DOI: 10.3923/ja.2011.56.61

URL: https://scialert.net/abstract/?doi=ja.2011.56.61
 
Received: August 30, 2010; Accepted: May 26, 2011; Published: September 27, 2011



INTRODUCTION

Aluminium is the most abundant metal in the earth’s crust constituting approximately 7% of its mass, occurring in a number of forms in soils (R’bia et al., 2011). It is generally accepted that Al toxicity is a primary factor limiting plant growth on acid soils (Kochian, 1995). Toxic effects of Al on plant growth have been attributed to several physiological pathways, although the precise mechanism has not yet been understood (Kochian et al., 2004). Proposed mechanism of Al toxicity include Al interactions with the root cell wall, Al disruption of plasma membrane and membrane transport processes and Al inhibition of mineral uptake and metabolism, especially that of Ca and P (Rout et al., 2001; Akinrinde, 2006).

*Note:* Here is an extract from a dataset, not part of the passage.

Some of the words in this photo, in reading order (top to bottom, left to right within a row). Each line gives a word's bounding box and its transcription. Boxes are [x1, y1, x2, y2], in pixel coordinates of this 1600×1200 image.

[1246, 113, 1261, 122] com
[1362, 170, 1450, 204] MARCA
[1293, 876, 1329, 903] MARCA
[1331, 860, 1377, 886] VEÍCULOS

Besides salinity, Al toxicity is among the widespread problems of ion toxicity stress in plants. Deficiency of phosphorus, calcium and magnesium coupled with presence of phytotoxicity substances (soluble Al and manganese) are responsible for the fertility limitation of acid soils as aggravated by industrial pollution and nitrification. Poor growth in acid soils could be related directly to Al saturation (Akinrinde et al., 2004). In acid soils, Al toxicity limits plants’ growth due to series of chemical factors and interactions including toxicities of hydrogen, Al and manganese. Oluwatoyinbo et al. (2005) showed that acid soils cover about 17 million hectares of land (representing about 18% of total land area) in Nigeria.

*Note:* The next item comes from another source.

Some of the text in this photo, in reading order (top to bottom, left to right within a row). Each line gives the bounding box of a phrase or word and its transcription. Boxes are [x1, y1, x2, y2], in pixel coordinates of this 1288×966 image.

Soil acidity is normally corrected by application of calcitic and dolomitic lime. Liming has a beneficial effect on plant growth under Al stress and alleviates Al toxicity of plants (Bessho and Bell, 1992). However, in many developing countries where subsistence agriculture prevails, economic and logistic reasons make it difficult for the resource poor farmers to apply high rates of fertilizer P and/or lime (Akinrinde et al., 2004; Anetor and Akinrinde, 2006). It has been discovered that over liming may also cause negative effects on plant growth and soil properties (Ahmad and Tan, 1986). Deficiencies, for example, of some nutrients such as P, Zn, B and Mn can be induced by lime application (Nikolic et al., 2000; Shaaban et al., 2007). However, a number of workers have shown that the addition of green manures and animal waste to acid soils can reduce Al toxicity and increase crop yields (Berek et al., 1995; Hue et al., 1994; Hue, 1992; Duruigbo et al., 2007). The application of organic residue to acid soils in order to minimize the need for lime and fertilizer P application would be beneficial to resource poor semi-subsistence farmers (Haynes and Mokolobate, 2001).

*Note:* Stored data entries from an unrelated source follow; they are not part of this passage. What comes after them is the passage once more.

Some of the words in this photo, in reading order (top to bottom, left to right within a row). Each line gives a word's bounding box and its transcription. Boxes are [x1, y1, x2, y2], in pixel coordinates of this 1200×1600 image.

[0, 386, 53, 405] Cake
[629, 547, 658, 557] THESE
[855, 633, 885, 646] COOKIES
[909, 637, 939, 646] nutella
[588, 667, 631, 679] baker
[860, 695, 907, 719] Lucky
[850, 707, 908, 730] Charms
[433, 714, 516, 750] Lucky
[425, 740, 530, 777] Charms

The present study sought to investigate the short-term and long-term (residual) effects of different types of fertilizer (organic, inorganic and organomineral), Al treatments and the interaction of the two on the growth and yield of legumes (cowpea and soybean) on an alfisol.

MATERIALS AND METHODS

The study was carried out in the greenhouse at the Department of Agronomy, University of Ibadan, Nigeria from July to December, 2007. The experimental soil was an alfisol collected from Ajibode village near the University of Ibadan and cropped thrice with cowpea (Vigna unguiculata) before the study reported here. The pre-cropping physico-chemical properties of the soil were determined (Table 1).

The experimental design used was Completely Randomized Design (CRD) with two crops, cowpea (IT93K-452-1) and soybean (TGX1485-1) replicated three times. It was a factorial experiment with two factors; Al at three levels (0, 50 and 100 μM) and four fertilizer treatments (control, organic, inorganic and organo-mineral).The total treatment combinations was 12 for each of (soybean and cowpea).

Table 1: Pre-cropping soil physical and chemical properties
Image for - Use of Organic-Based Amendments to Ameliorate Aluminium Toxicity in Legume Production on a Typic Paleudalf of South-Western Nigeria

The fertilizers used for the study include: Organo-mineral fertilizer (Sunshine organic fertilizer and NPK in ratio 2:1), NPK 15-15-15 and Sunshine organic fertilizer. The experimental treatment also involved the application of three levels of Al (0, 50 and 100 μm) using AlCl3..6H2O. The fertilizer materials were applied at the rate of 200 kg P2O5 ha-1 before planting while Al was apply at fourth week of growth. Watering and weeding of pots were also carried out. The treatment combinations were: control, Organic Fertilizer (OF), Inorganic Fertilizer (IF), Organomineral Fertilizer (OMF), Al50, Al50 and OF, Al50 and IF, Al50 and OMF, Al100, Al100 and OF, Al100 and IF, Al100 and OMF.

The parameters measured during the growth period include plant height and number of leaves per plant. The experiment was carried out twice. Aluminium and fertilizer treatments were used only in the first experiment while the second experiment evaluated the residual effects of the treatments on cowpea. The first experiment was terminated after eight weeks while the second experiment was terminated after six weeks. The plants were oven-dried at 70°C to a constant weight. Dry weights of samples were recorded.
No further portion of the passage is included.